Minimum detectable effect size for main outcomes (accounting for sample
design and clustering)
Experiment 1: We conduct ex ante power calculations for the three pairwise treatment comparisons (Incentives vs. Information, Incentives vs. Control, and Information vs. Control) under a two-sided test with 5% significance and 80% power. The sample consists of 1,200 observations in the pooled Incentives group and 400 observations each in the Information and Control groups. For the primary binary outcome - whether a respondent calls back (control mean = 0.148) - we estimate minimum detectable effects (MDEs) of 5.7 percentage points (38.8% of the control mean) for comparisons involving the Incentives group (Incentives vs. Information and Incentives vs. Control), and 7.0 percentage points (47.5% of the control mean) for the Information vs. Control comparison. For call duration (measured in seconds, unconditional on callback; control mean = 22.22, SD = 76.53), the corresponding MDEs are 12.4 seconds (0.16 SD) and 15.2 seconds (0.20 SD), respectively.

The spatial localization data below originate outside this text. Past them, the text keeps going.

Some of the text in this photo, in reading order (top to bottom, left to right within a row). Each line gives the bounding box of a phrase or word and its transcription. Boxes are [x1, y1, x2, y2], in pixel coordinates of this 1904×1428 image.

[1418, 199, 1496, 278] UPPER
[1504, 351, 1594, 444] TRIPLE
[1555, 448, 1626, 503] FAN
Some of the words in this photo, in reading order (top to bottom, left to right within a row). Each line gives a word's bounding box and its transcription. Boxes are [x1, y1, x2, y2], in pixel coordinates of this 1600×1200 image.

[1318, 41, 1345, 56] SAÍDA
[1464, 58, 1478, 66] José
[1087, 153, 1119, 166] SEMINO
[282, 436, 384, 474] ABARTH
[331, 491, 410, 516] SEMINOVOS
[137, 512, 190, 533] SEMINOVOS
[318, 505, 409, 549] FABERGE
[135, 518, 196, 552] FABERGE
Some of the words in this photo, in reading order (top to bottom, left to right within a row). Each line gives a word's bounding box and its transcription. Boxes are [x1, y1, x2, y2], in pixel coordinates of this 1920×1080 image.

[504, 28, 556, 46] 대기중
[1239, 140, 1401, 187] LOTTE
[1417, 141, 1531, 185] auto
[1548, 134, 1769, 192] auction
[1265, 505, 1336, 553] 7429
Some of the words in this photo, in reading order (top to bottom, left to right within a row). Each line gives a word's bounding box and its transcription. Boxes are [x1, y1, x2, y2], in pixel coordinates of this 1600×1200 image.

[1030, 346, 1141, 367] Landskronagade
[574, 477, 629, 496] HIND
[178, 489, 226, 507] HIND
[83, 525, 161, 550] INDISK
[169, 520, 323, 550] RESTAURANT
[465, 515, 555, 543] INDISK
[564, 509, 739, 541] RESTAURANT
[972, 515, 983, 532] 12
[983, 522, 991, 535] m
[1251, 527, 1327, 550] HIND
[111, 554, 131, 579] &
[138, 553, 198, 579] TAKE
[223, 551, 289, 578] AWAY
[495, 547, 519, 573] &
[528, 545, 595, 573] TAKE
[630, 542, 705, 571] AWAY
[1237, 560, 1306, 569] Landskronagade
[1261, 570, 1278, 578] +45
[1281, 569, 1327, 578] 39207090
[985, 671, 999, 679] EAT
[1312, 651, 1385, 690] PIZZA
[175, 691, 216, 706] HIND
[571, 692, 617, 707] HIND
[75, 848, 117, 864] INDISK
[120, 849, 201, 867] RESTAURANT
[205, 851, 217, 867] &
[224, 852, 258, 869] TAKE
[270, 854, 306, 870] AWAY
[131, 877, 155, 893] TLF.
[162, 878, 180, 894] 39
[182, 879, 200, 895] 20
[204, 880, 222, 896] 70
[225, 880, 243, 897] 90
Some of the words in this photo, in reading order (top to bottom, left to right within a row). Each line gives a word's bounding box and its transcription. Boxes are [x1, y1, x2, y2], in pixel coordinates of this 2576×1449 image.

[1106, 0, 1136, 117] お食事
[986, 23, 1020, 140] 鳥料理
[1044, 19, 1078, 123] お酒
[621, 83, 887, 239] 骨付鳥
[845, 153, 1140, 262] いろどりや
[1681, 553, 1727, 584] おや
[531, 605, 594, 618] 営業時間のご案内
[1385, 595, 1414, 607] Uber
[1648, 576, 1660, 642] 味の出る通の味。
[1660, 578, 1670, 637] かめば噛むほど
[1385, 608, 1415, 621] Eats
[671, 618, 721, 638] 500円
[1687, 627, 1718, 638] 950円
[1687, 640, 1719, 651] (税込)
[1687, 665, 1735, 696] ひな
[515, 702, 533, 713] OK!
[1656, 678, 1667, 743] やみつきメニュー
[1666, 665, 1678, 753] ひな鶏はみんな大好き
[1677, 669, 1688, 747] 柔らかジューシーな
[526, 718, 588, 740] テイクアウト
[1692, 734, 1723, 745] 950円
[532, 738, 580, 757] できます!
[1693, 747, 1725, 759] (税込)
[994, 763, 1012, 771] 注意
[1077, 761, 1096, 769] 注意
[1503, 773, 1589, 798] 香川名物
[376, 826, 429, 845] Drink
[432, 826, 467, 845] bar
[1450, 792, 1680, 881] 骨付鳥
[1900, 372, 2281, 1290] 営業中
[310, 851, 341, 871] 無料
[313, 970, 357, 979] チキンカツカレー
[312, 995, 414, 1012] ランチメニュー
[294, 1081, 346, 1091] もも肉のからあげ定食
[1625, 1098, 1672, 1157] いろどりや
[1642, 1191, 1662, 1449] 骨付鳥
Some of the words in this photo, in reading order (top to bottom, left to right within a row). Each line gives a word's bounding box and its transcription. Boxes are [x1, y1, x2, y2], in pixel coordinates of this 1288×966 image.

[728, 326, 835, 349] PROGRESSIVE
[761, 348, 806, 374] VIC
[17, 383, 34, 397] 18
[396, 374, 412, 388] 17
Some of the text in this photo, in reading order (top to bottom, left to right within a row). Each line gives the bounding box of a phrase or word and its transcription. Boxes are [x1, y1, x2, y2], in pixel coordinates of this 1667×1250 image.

Experiment 2: We conduct ex ante power calculations for three pairwise comparisons: Female-tailored message vs. Control, Male-tailored message vs. Control, and Female- vs. Male-tailored messages. Assuming a total sample of 2,000 observations equally allocated across the three arms (approximately 667 observations per arm), a two-sided test with 5% significance and 80% power, the study is powered to detect a minimum effect of 7.7 percentage points for the binary outcome of picking up a push call (control mean = 0.48), corresponding to approximately 16.0% of the control mean. For the outcome measuring the length of the push call message heard (not conditional on picking up; control mean = 63.46 seconds, SD = 86.35 seconds), the minimum detectable effect is 13.3 seconds, equivalent to 0.15 standard deviations. These detectable effects apply symmetrically across all three pairwise comparisons under equal allocation. Given the large dispersion of the duration outcome relative to its mean, the distribution is likely right-skewed, with a mass at short durations and a long upper tail; we therefore interpret power for this outcome as conservative and will complement analyses with transformations or robustness checks (e.g., excluding very short call durations).